# Où acheter un iPad Pro au meilleur prix ?



## Oublieux (30 Juillet 2020)

Bonjour à tous,
Comme j’ai pu l’évoquer dans un autre sujet, je cherche à acheter un iPad Pro (11’ ou 12’9, modèle 2018, 64 gigas). Seulement, c’est plutôt difficile à trouver.
Avez-vous des conseils à me donner ? Sur le refurb, rien et à mon avis ça n’arrivera pas tout de suite, pas grand-chose sur les sites de particulier à particulier, en magasin non plus. 
Merci par avance


----------



## Sly54 (30 Juillet 2020)

Bonjour,

Chez Apple; à la Fn.c avec 5 ou 10% de mise, quand la fn.c fait ses promos; ou bien Am.zon…


----------



## ibabar (31 Juillet 2020)

J'ai eu la surprise de redécouvrir Ebay pour les iPad !
C'est par ce biais que j'avais dégoté une super affaire en 2019 sur un iPad Pro 11" (un prix tellement canon que j'étais persuadé que c'était une arnaque: je me voyais déjà activer la garantie PayPal).
Et j'ai aussi tout récemment suivi 2 enchères d'iPad mini 5 à vils prix.
Je précise que les vendeurs en question avaient des profils notés et qu'ils étaient en France.

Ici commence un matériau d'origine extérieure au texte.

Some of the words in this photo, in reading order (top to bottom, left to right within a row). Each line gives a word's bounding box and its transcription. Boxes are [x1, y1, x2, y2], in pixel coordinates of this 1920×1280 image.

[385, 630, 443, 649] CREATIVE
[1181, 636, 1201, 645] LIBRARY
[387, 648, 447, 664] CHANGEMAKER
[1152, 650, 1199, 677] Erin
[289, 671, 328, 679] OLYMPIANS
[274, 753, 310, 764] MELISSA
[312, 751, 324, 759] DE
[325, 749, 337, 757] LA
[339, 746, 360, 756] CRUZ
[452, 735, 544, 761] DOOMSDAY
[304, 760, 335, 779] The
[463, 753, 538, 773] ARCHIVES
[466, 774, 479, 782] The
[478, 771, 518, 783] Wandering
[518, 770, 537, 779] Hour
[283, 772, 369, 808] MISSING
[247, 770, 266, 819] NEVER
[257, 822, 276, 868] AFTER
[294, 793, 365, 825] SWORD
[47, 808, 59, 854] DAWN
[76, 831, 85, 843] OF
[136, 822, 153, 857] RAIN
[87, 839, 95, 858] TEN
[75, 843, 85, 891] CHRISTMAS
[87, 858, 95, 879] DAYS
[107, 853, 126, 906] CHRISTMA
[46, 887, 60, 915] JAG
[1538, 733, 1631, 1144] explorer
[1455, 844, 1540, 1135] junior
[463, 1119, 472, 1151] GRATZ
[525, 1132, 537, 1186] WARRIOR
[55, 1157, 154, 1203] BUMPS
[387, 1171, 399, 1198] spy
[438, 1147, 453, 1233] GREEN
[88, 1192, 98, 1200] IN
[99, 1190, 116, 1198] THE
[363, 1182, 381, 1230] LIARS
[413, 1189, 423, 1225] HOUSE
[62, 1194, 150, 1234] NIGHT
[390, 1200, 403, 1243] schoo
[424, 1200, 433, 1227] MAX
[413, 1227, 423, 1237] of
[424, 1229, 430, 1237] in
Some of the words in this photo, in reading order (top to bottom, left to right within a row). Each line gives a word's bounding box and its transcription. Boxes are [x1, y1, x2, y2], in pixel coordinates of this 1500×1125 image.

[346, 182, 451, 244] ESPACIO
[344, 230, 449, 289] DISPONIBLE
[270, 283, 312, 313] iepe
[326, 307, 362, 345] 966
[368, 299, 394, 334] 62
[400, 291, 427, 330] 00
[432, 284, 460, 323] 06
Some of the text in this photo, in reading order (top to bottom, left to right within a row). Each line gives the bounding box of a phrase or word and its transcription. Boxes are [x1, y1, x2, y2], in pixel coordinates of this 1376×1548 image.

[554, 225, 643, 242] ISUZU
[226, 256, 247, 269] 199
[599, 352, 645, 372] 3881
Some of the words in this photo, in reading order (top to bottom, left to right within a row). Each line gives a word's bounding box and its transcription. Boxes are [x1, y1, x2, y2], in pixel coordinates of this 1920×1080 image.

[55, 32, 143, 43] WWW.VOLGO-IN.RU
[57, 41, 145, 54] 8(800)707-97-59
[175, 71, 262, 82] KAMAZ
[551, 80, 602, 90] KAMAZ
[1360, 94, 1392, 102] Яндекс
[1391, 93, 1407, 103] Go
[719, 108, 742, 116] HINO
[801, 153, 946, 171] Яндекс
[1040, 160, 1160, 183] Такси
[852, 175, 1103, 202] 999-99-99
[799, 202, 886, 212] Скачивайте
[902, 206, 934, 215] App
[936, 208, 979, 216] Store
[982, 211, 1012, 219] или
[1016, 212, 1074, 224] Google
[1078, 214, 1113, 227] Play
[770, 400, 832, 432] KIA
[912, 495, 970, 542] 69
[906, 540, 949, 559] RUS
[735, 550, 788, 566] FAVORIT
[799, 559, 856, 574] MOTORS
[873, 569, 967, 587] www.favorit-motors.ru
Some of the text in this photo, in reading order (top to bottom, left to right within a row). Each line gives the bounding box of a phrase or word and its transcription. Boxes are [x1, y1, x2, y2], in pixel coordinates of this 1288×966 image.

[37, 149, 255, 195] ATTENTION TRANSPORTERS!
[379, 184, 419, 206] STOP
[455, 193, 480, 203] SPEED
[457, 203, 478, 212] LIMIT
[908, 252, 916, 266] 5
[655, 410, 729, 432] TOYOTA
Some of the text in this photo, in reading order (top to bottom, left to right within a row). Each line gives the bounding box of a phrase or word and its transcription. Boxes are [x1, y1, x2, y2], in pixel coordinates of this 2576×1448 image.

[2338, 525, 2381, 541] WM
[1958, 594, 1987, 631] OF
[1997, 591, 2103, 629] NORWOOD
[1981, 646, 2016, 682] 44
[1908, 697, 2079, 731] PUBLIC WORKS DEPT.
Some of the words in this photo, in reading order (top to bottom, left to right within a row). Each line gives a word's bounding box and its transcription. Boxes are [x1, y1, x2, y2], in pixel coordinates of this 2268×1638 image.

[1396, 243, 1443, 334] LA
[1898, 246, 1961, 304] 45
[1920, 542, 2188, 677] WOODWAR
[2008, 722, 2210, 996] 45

Mais j'ajoute que ce n'est pas histoire de faible diffusion ou d'acheteurs tellement satisfaits qu'ils garderaient leur iPad: il faut être patient et à l'affût, c'est tout.
J'ai par ailleurs une certaine difficulté à revendre l'iPad Pro 6 mois plus tard (sur leboncoincoin), preuve que les acheteurs ne se bousculent pas, et paradoxalement il y avait un certain nombre d'annonces avec un prix trop haut pour de la seconde main (beaucoup d'acheteurs pensent détenir un objet tellement convoité...).
Ma règle est qu'il faut que je gagne 30% sur le prix du neuf, sinon le jeu n'en vaut pas la chandelle.
Je précise aussi que - d'expérience - la cote des Mac se maintient nettement mieux que celle des iPad.


----------